How to complete this task
Any picture must be dropped, but each line of the data should be duplicated exactly.

** Opening Extracted information block **

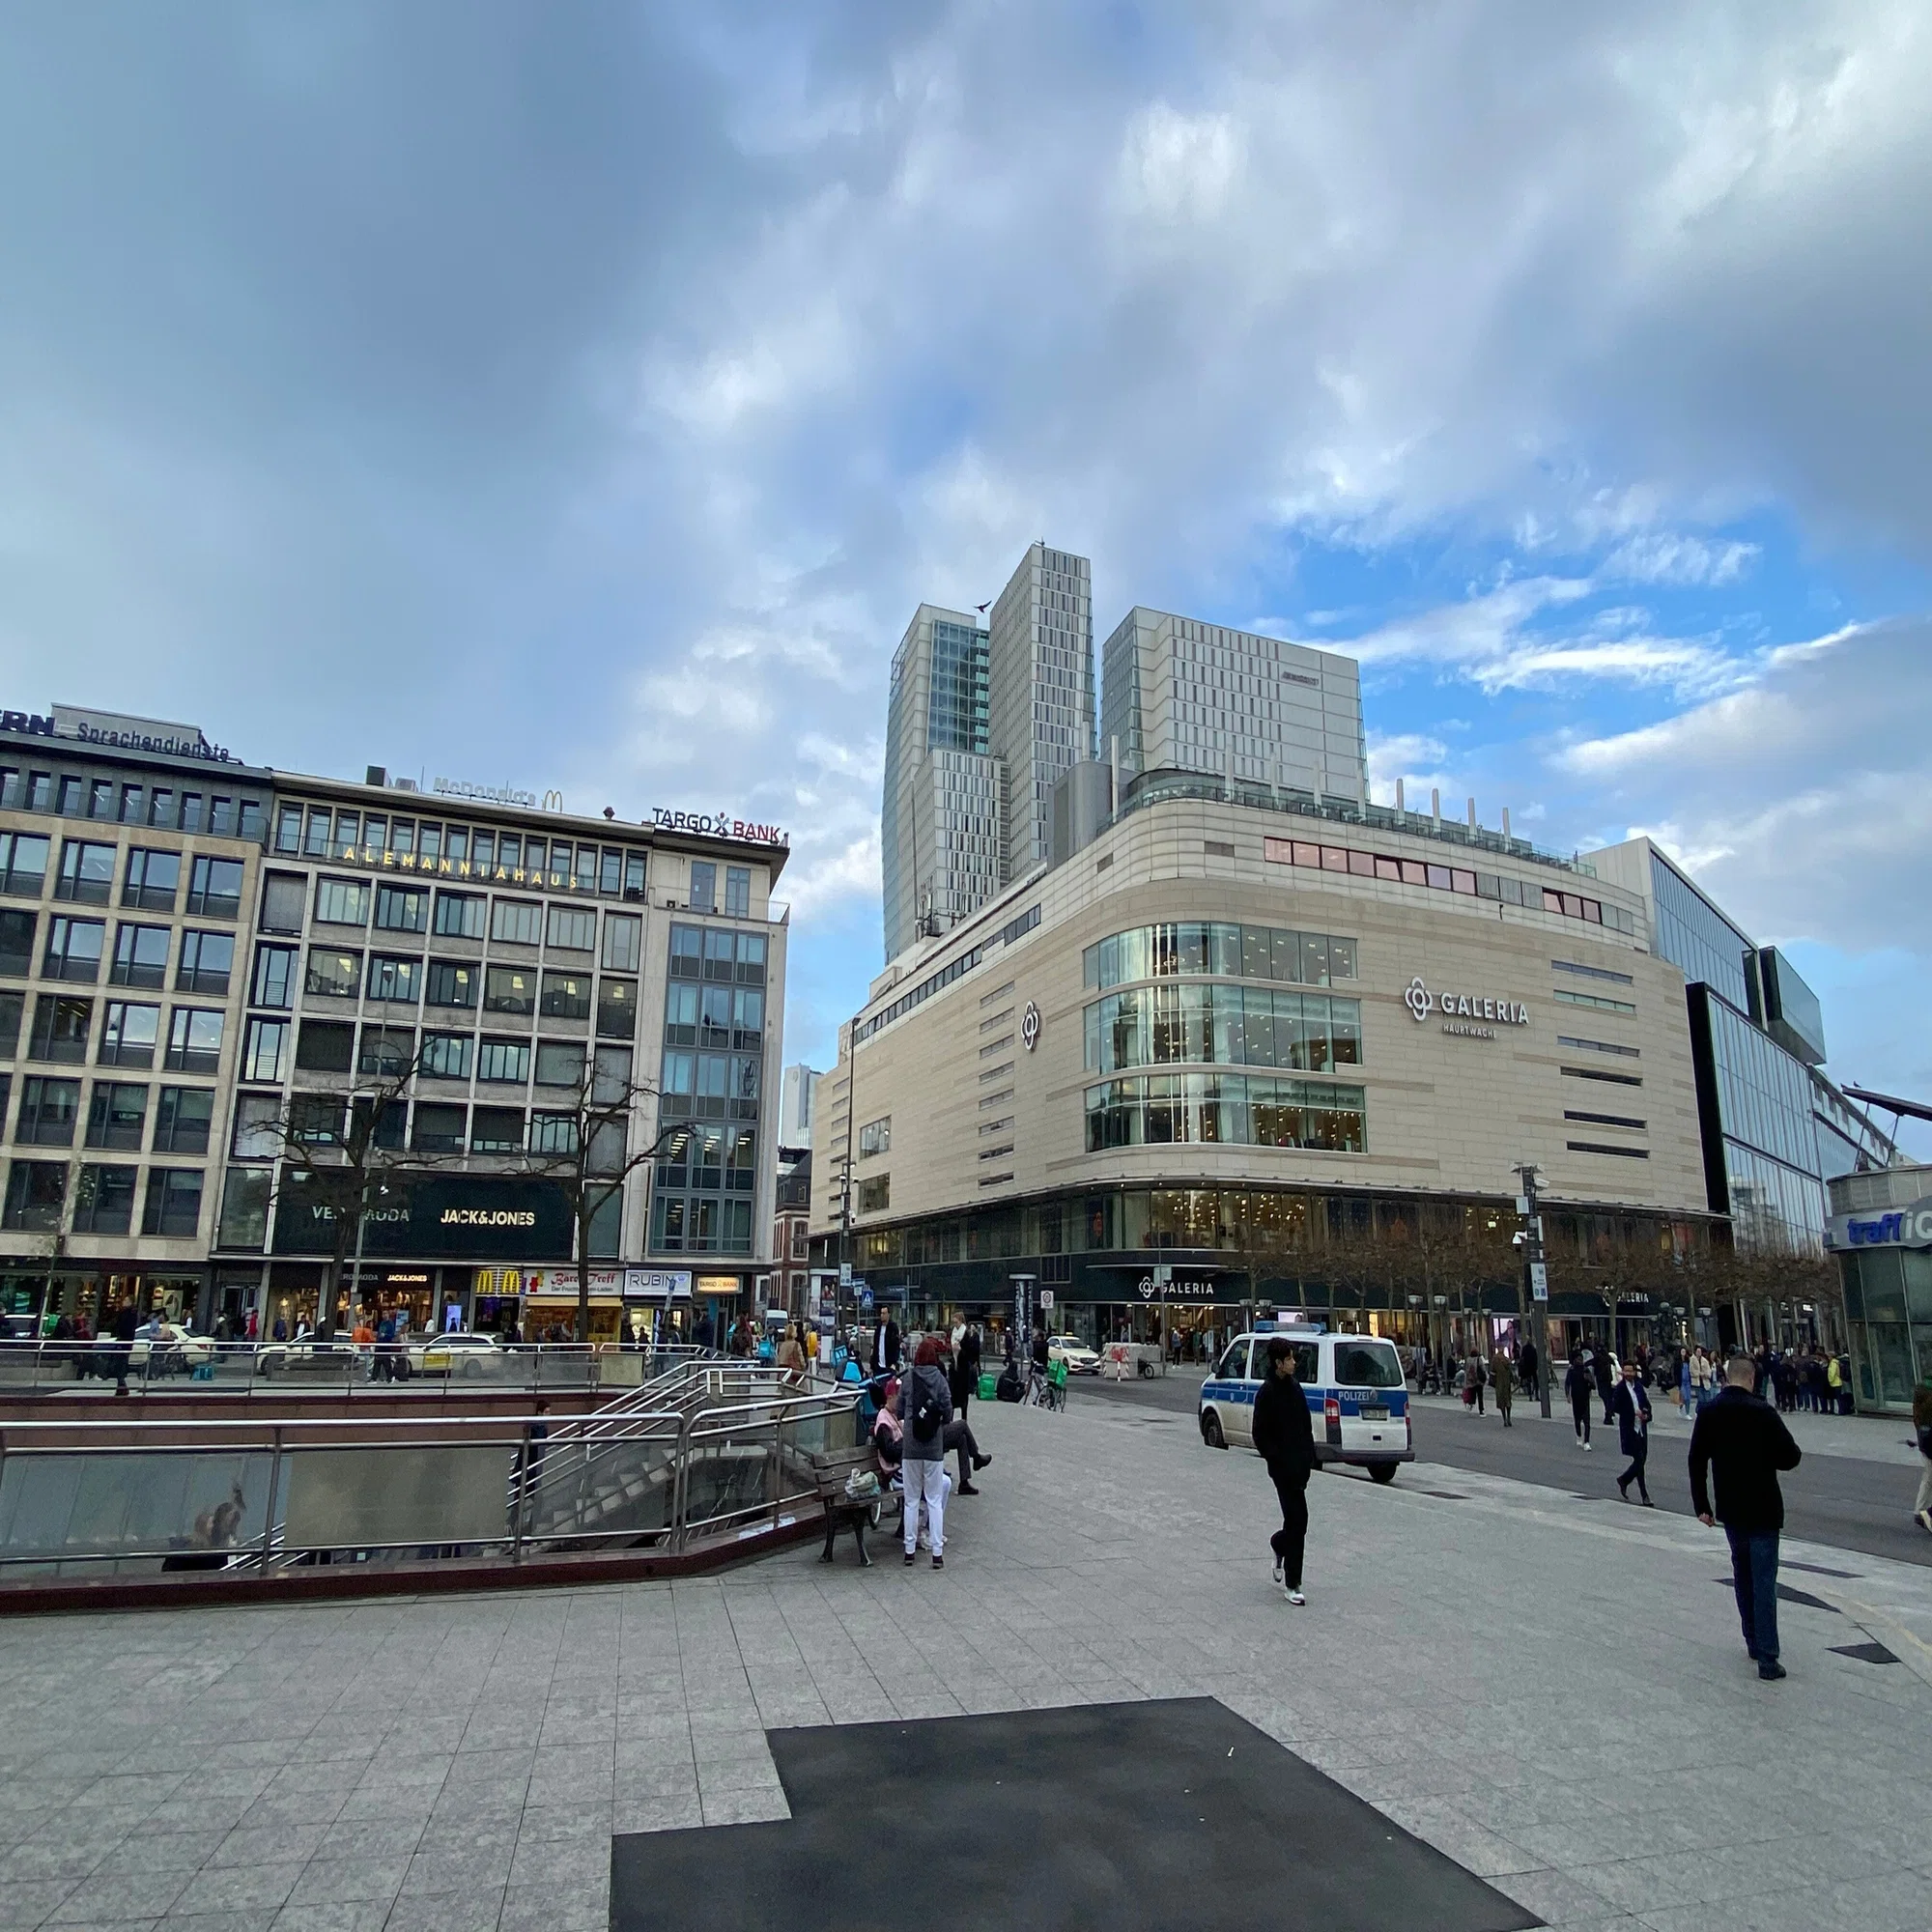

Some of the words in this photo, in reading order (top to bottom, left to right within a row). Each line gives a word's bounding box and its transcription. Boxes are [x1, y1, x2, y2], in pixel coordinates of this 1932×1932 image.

[0, 709, 55, 736] RN
[77, 723, 229, 761] Sprachendienste
[433, 777, 536, 806] McDonald's
[652, 807, 712, 833] TARGO
[732, 821, 780, 843] BANK
[1440, 993, 1529, 1024] GALERIA
[1443, 1023, 1497, 1038] HAUPTWACHE
[440, 1208, 535, 1226] JACK&JONES
[629, 1274, 674, 1287] RUBIN
[1338, 1391, 1369, 1401] POLIZEI

** Closing Extracted information block **

Your solution
Some of the words in this photo, in reading order (top to bottom, left to right within a row). Each line gives a word's bounding box and its transcription. Boxes are [x1, y1, x2, y2], in pixel coordinates of this 1932×1932 image.

[0, 709, 55, 736] RN
[77, 723, 229, 761] Sprachendienste
[433, 777, 536, 806] McDonald's
[652, 807, 712, 833] TARGO
[732, 821, 780, 843] BANK
[1440, 993, 1529, 1024] GALERIA
[1443, 1023, 1497, 1038] HAUPTWACHE
[440, 1208, 535, 1226] JACK&JONES
[629, 1274, 674, 1287] RUBIN
[1338, 1391, 1369, 1401] POLIZEI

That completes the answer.